## What to do
The entries below are to be given back exactly, with images excluded.

## Collected data
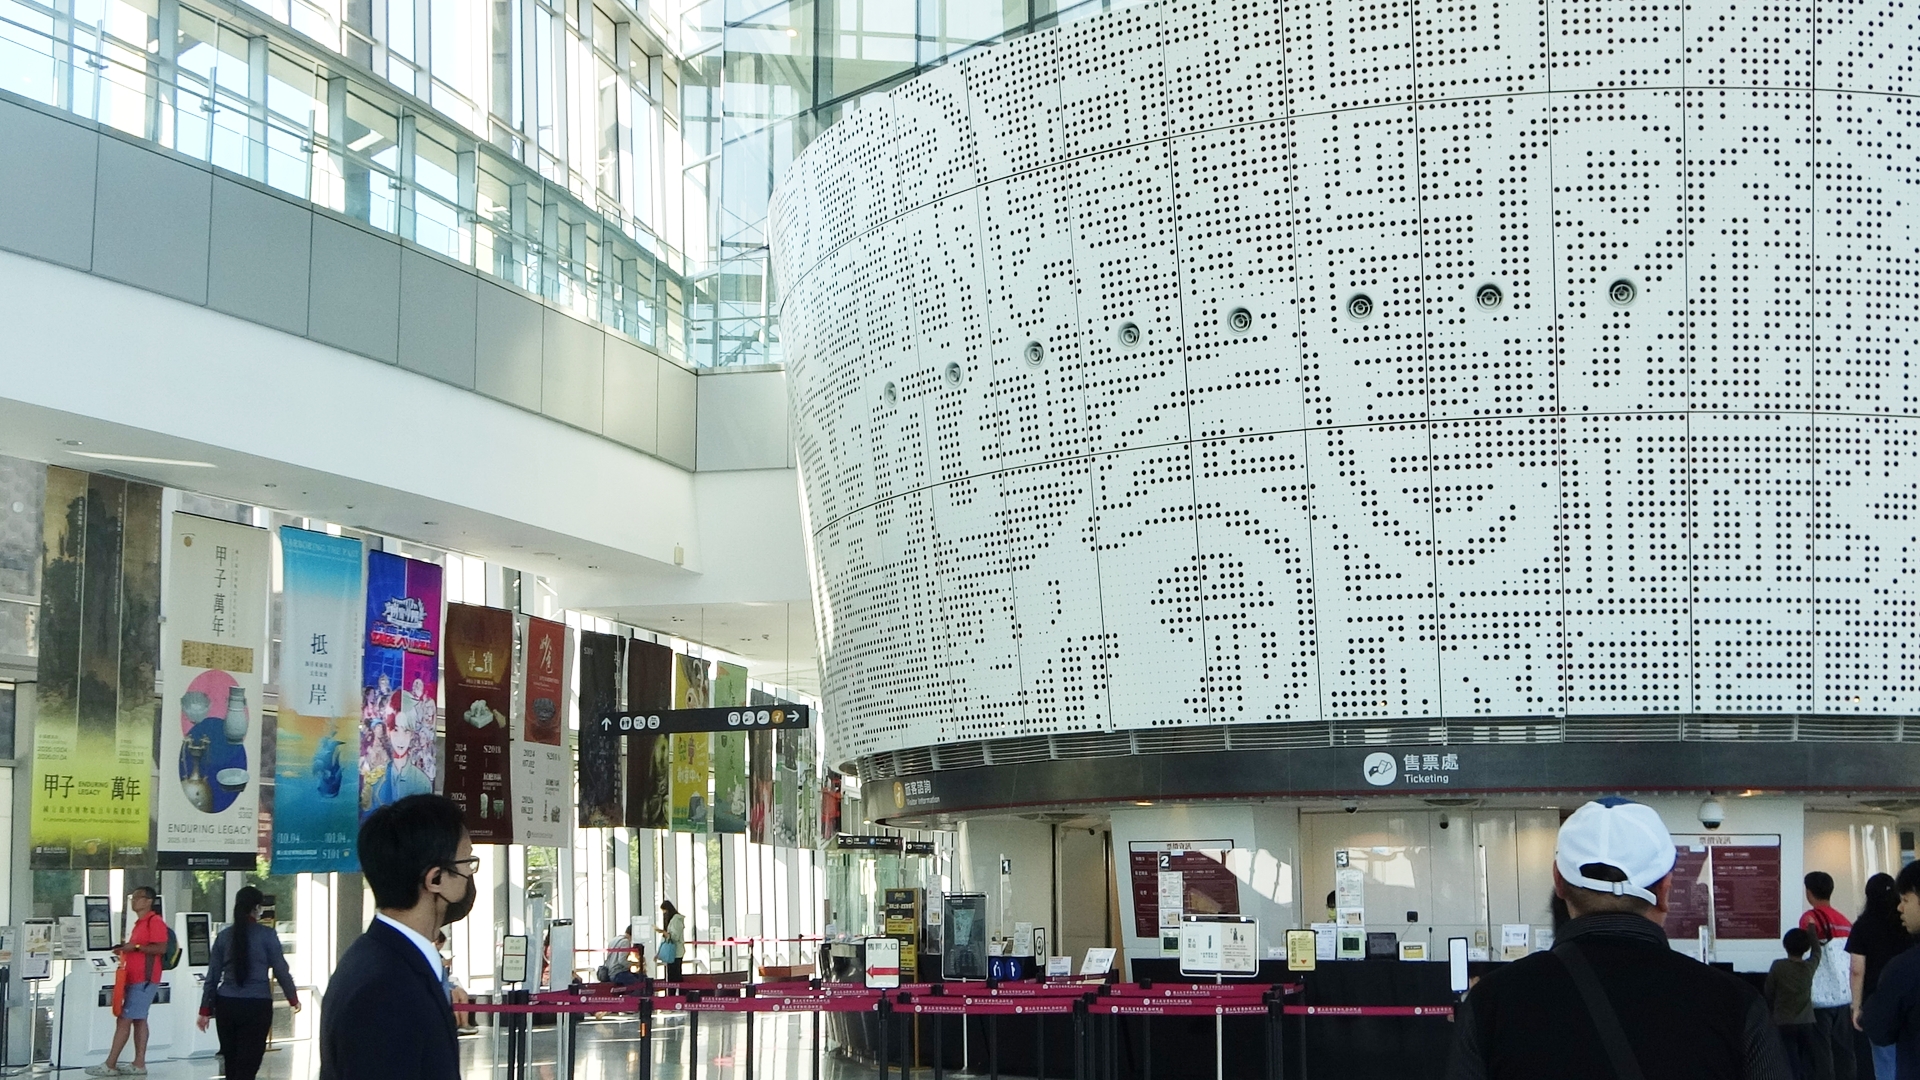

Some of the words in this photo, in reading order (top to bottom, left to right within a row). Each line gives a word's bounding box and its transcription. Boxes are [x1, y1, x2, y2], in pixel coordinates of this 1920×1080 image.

[212, 545, 227, 637] 甲子萬年
[310, 633, 328, 655] 抵
[308, 683, 327, 705] 岸
[1403, 753, 1459, 771] 售票處
[44, 774, 75, 799] 甲子
[1404, 774, 1449, 784] Ticketing
[111, 776, 141, 801] 萬年
[167, 823, 215, 834] ENDURING
[217, 825, 252, 835] LEGACY
[1160, 856, 1170, 867] 2
[1338, 853, 1347, 865] 3
[1003, 861, 1010, 873] 1
[867, 942, 897, 951] 售票入口
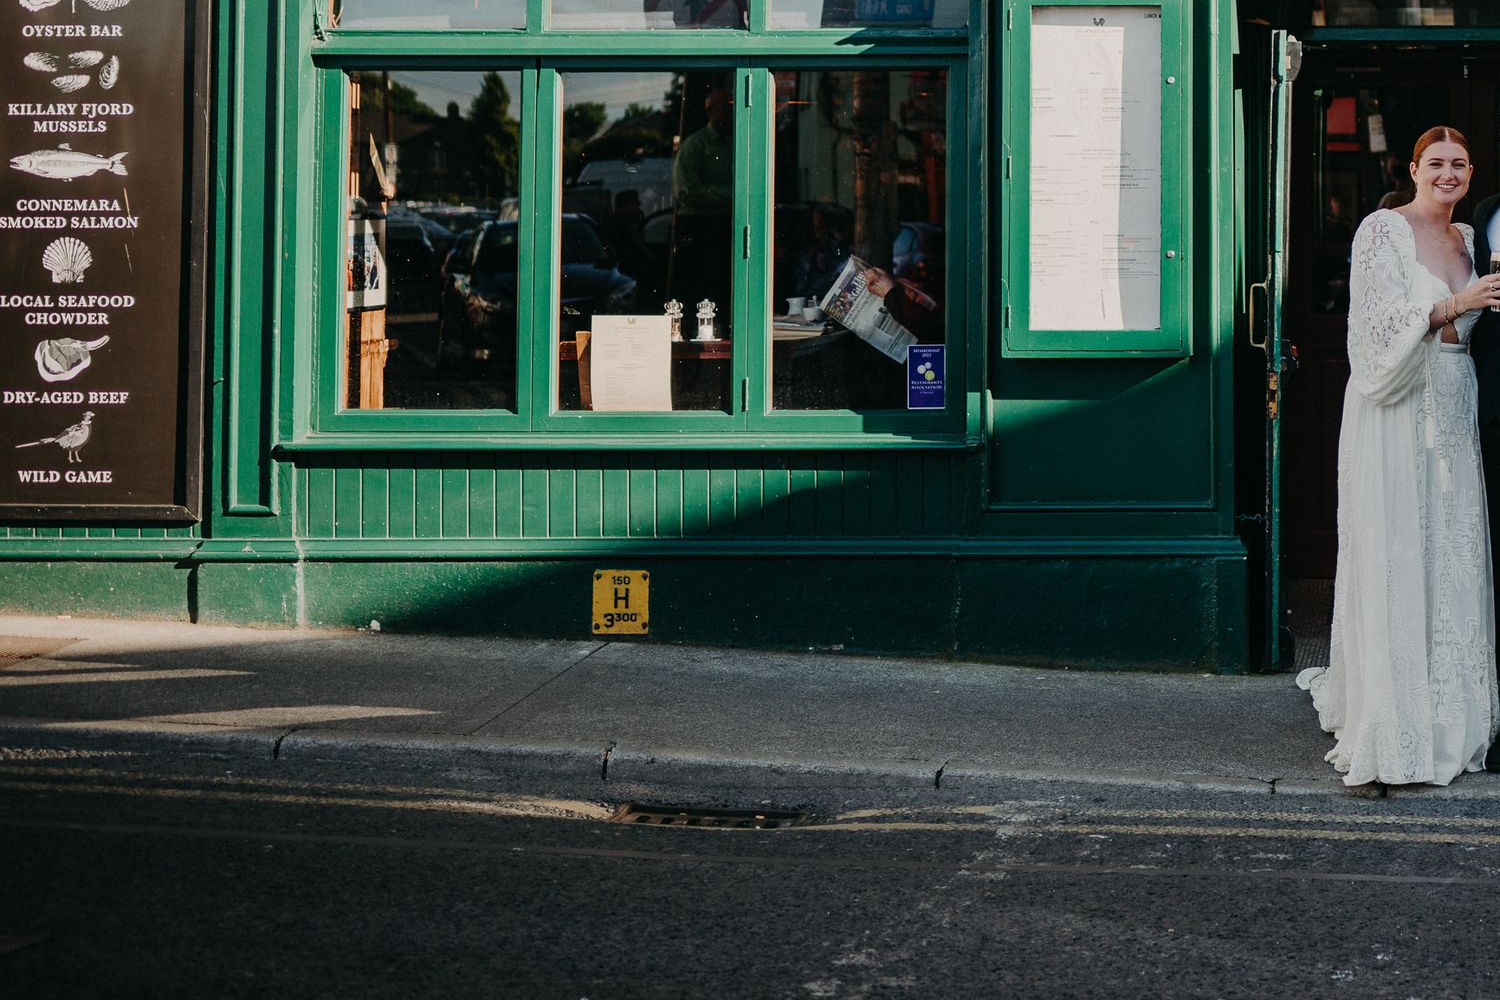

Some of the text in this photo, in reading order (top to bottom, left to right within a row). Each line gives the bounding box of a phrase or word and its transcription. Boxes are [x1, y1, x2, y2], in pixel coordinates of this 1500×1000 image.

[22, 24, 123, 38] OYSTER BAR
[8, 103, 135, 118] KILLARY FJORD
[33, 121, 107, 133] MUSSELS
[16, 199, 122, 212] CONNEMARA
[0, 216, 139, 229] SMOKED SALMON
[0, 295, 136, 308] LOCAL SEAFOOD
[24, 312, 110, 325] CHOWDER
[3, 391, 129, 404] DRY-AGED BEEF
[17, 470, 113, 483] WILD GAME
[612, 576, 631, 585] 150
[614, 588, 629, 609] H
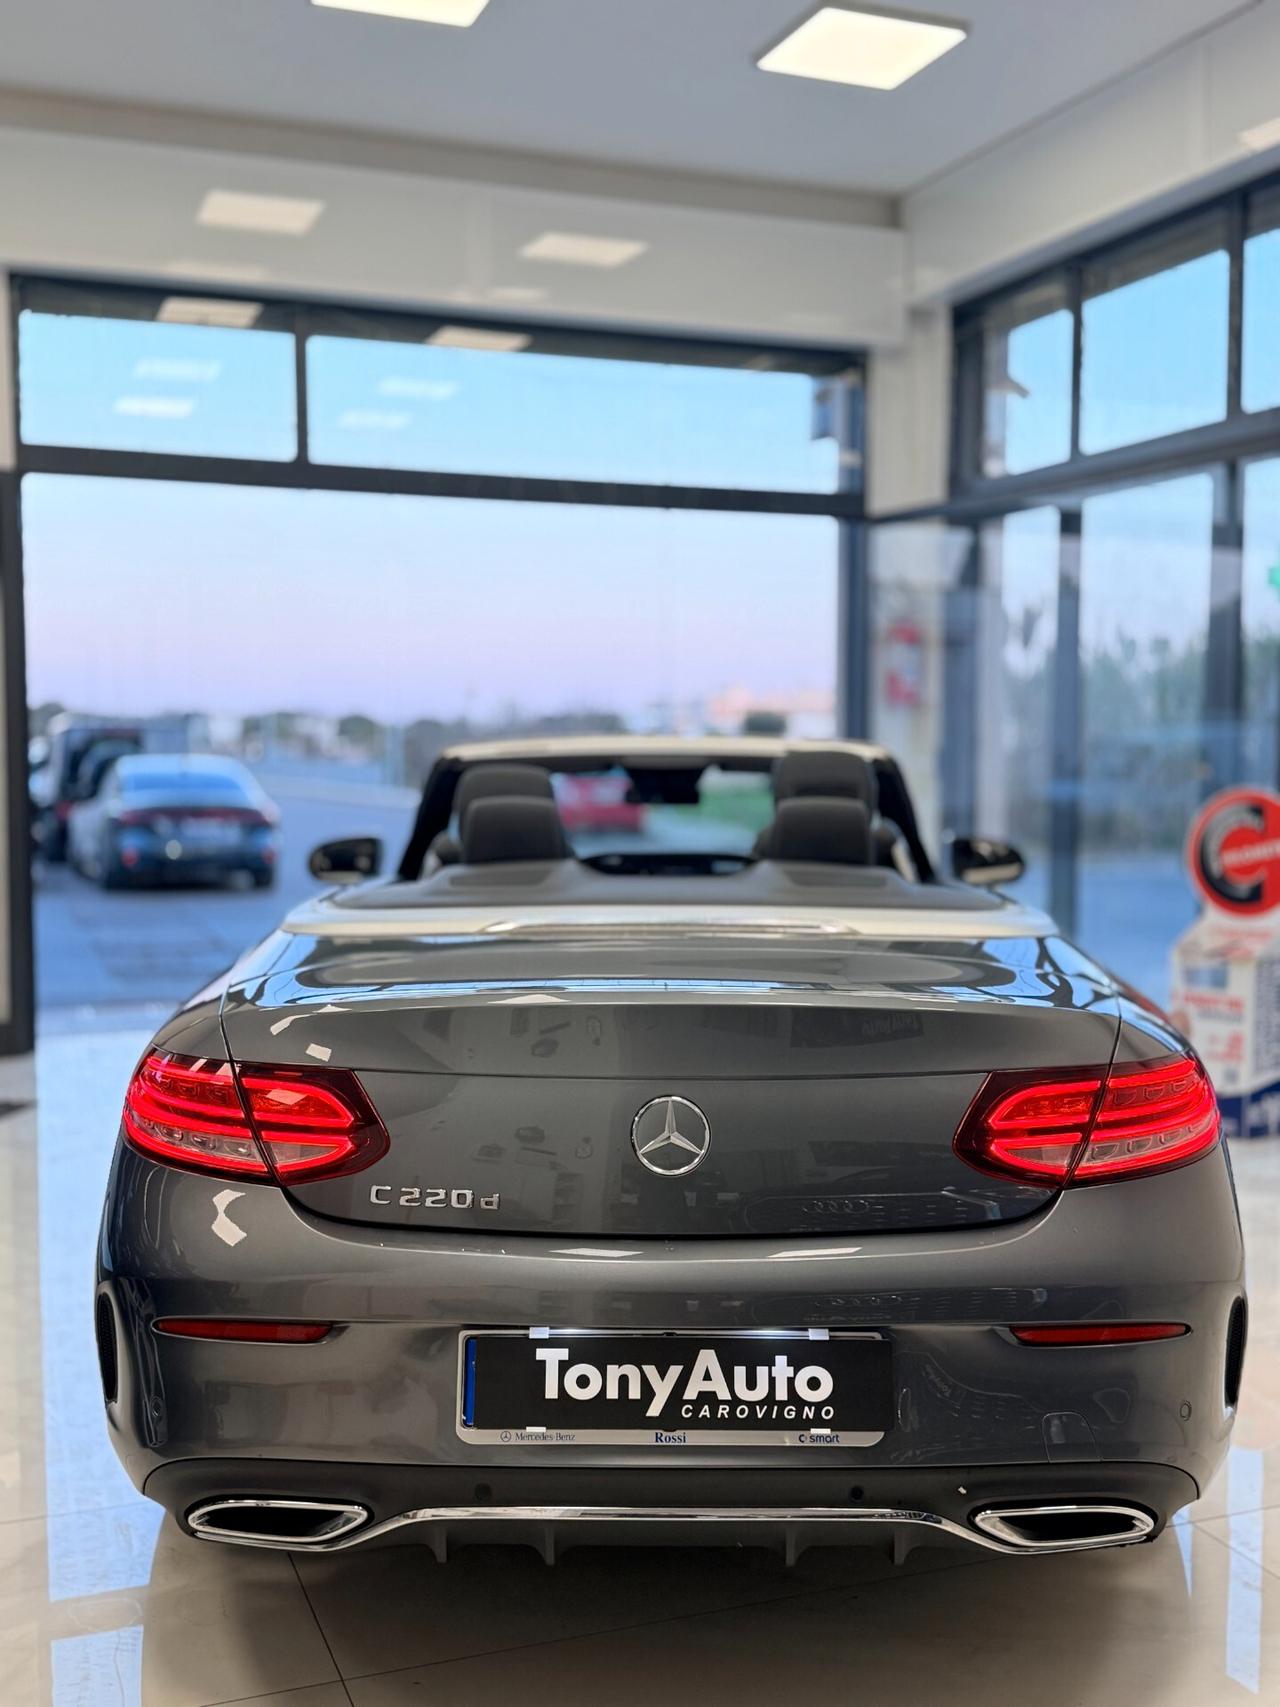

## Answer section
Some of the words in this photo, in reading order (top to bottom, left to right within a row). Each line gives a word's bounding box and its transcription. Boxes are [x1, y1, x2, y2], in pixel coordinates of this 1920×1080 image.

[212, 545, 227, 637] 甲子萬年
[310, 633, 328, 655] 抵
[308, 683, 327, 705] 岸
[1403, 753, 1459, 771] 售票處
[44, 774, 75, 799] 甲子
[1404, 774, 1449, 784] Ticketing
[111, 776, 141, 801] 萬年
[167, 823, 215, 834] ENDURING
[217, 825, 252, 835] LEGACY
[1160, 856, 1170, 867] 2
[1338, 853, 1347, 865] 3
[1003, 861, 1010, 873] 1
[867, 942, 897, 951] 售票入口

Some of the text in this photo, in reading order (top to bottom, left to right within a row). Each line gives the bounding box of a phrase or word and its transcription. Boxes are [x1, y1, x2, y2], in pixel coordinates of this 1500×1000 image.

[22, 24, 123, 38] OYSTER BAR
[8, 103, 135, 118] KILLARY FJORD
[33, 121, 107, 133] MUSSELS
[16, 199, 122, 212] CONNEMARA
[0, 216, 139, 229] SMOKED SALMON
[0, 295, 136, 308] LOCAL SEAFOOD
[24, 312, 110, 325] CHOWDER
[3, 391, 129, 404] DRY-AGED BEEF
[17, 470, 113, 483] WILD GAME
[612, 576, 631, 585] 150
[614, 588, 629, 609] H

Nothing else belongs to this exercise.